*** SUPPLIED MATERIAL Section Begins ***

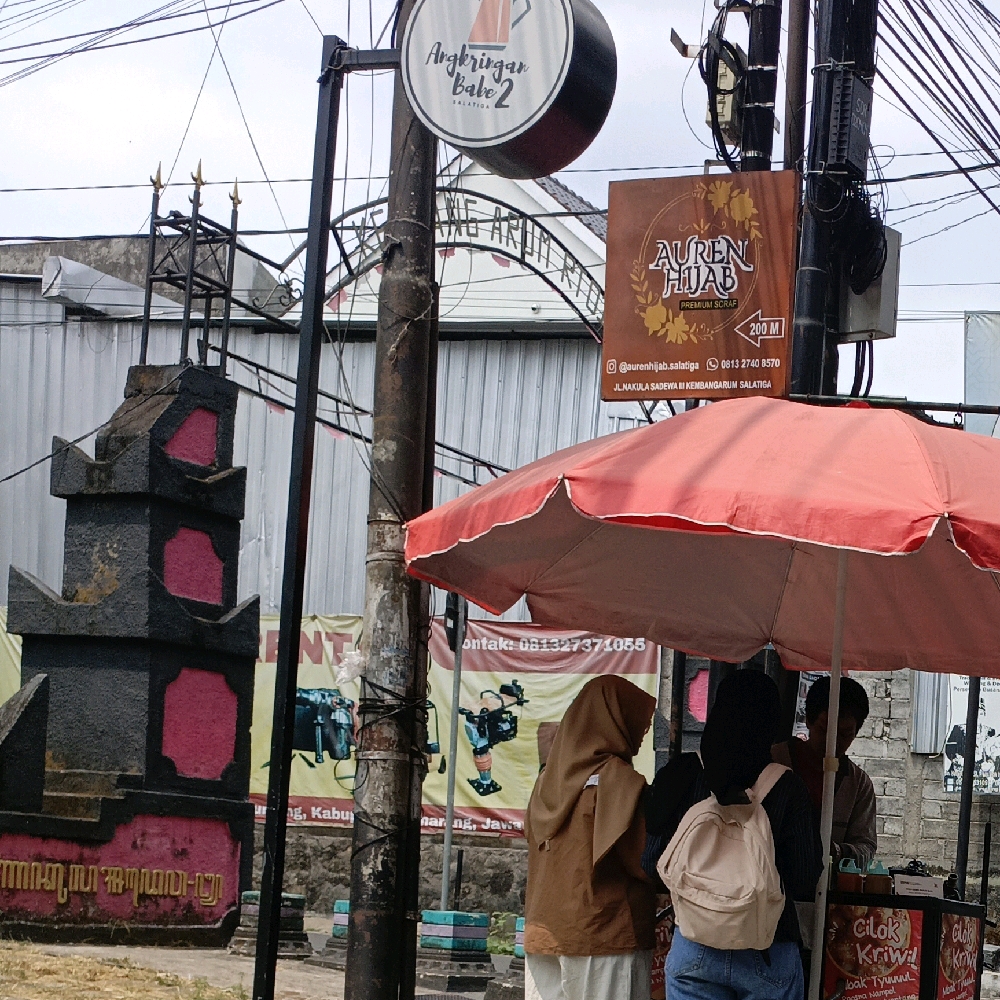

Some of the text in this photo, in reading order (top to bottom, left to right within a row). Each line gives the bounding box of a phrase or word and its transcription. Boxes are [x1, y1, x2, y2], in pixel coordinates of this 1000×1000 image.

[425, 41, 530, 84] Angkringan
[451, 72, 514, 109] Babe 2
[452, 99, 490, 109] SALATIGA
[491, 205, 552, 269] ARUM
[649, 235, 754, 272] AUREN
[662, 264, 738, 299] HIJAB
[680, 300, 737, 311] PREMIUM SCRAF
[750, 322, 779, 336] 200 M
[619, 357, 780, 374] @aurenhijab.salatiga 0813 2740 8570
[650, 381, 678, 391] SADEWA
[686, 380, 737, 390] KEMBANGARUM
[740, 379, 772, 389] SALATIGA
[462, 637, 646, 652] ontak: 081327371055
[845, 976, 868, 991] bak

*** SUPPLIED MATERIAL Section Ends ***

_YOUR ASSIGNMENT_.
The pictures should be dropped, and every line above should be set down again exactly.

_OUTPUT BELOW_.
Some of the text in this photo, in reading order (top to bottom, left to right within a row). Each line gives the bounding box of a phrase or word and its transcription. Boxes are [x1, y1, x2, y2], in pixel coordinates of this 1000×1000 image.

[425, 41, 530, 84] Angkringan
[451, 72, 514, 109] Babe 2
[452, 99, 490, 109] SALATIGA
[491, 205, 552, 269] ARUM
[649, 235, 754, 272] AUREN
[662, 264, 738, 299] HIJAB
[680, 300, 737, 311] PREMIUM SCRAF
[750, 322, 779, 336] 200 M
[619, 357, 780, 374] @aurenhijab.salatiga 0813 2740 8570
[650, 381, 678, 391] SADEWA
[686, 380, 737, 390] KEMBANGARUM
[740, 379, 772, 389] SALATIGA
[462, 637, 646, 652] ontak: 081327371055
[845, 976, 868, 991] bak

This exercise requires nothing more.